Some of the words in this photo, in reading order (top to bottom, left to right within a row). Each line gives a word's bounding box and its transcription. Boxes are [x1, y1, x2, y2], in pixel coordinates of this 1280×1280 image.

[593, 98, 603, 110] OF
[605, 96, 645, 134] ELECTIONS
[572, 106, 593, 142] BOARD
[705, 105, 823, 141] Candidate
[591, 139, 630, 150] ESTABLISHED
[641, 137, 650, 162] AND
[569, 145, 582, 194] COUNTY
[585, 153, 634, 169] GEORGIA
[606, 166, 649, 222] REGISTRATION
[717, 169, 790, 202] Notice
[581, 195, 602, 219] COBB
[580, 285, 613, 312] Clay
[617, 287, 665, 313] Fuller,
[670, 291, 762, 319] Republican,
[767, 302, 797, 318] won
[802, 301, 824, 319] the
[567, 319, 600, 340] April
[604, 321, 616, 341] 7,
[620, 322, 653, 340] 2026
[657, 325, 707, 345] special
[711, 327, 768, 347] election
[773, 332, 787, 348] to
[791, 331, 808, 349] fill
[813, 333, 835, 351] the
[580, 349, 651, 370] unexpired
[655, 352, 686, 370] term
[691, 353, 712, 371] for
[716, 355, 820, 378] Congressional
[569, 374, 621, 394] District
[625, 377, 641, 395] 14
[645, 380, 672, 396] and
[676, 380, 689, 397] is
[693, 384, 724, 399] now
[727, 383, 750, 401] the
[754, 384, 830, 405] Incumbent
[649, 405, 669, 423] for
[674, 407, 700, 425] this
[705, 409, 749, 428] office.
-.-.-
Transcribe every entry exactly.

SOLUTION FOR THIS TASK:
Some of the words in this photo, in reading order (top to bottom, left to right within a row). Each line gives a word's bounding box and its transcription. Boxes are [x1, y1, x2, y2], in pixel coordinates of this 1280×1280 image.

[593, 98, 603, 110] OF
[605, 96, 645, 134] ELECTIONS
[572, 106, 593, 142] BOARD
[705, 105, 823, 141] Candidate
[591, 139, 630, 150] ESTABLISHED
[641, 137, 650, 162] AND
[569, 145, 582, 194] COUNTY
[585, 153, 634, 169] GEORGIA
[606, 166, 649, 222] REGISTRATION
[717, 169, 790, 202] Notice
[581, 195, 602, 219] COBB
[580, 285, 613, 312] Clay
[617, 287, 665, 313] Fuller,
[670, 291, 762, 319] Republican,
[767, 302, 797, 318] won
[802, 301, 824, 319] the
[567, 319, 600, 340] April
[604, 321, 616, 341] 7,
[620, 322, 653, 340] 2026
[657, 325, 707, 345] special
[711, 327, 768, 347] election
[773, 332, 787, 348] to
[791, 331, 808, 349] fill
[813, 333, 835, 351] the
[580, 349, 651, 370] unexpired
[655, 352, 686, 370] term
[691, 353, 712, 371] for
[716, 355, 820, 378] Congressional
[569, 374, 621, 394] District
[625, 377, 641, 395] 14
[645, 380, 672, 396] and
[676, 380, 689, 397] is
[693, 384, 724, 399] now
[727, 383, 750, 401] the
[754, 384, 830, 405] Incumbent
[649, 405, 669, 423] for
[674, 407, 700, 425] this
[705, 409, 749, 428] office.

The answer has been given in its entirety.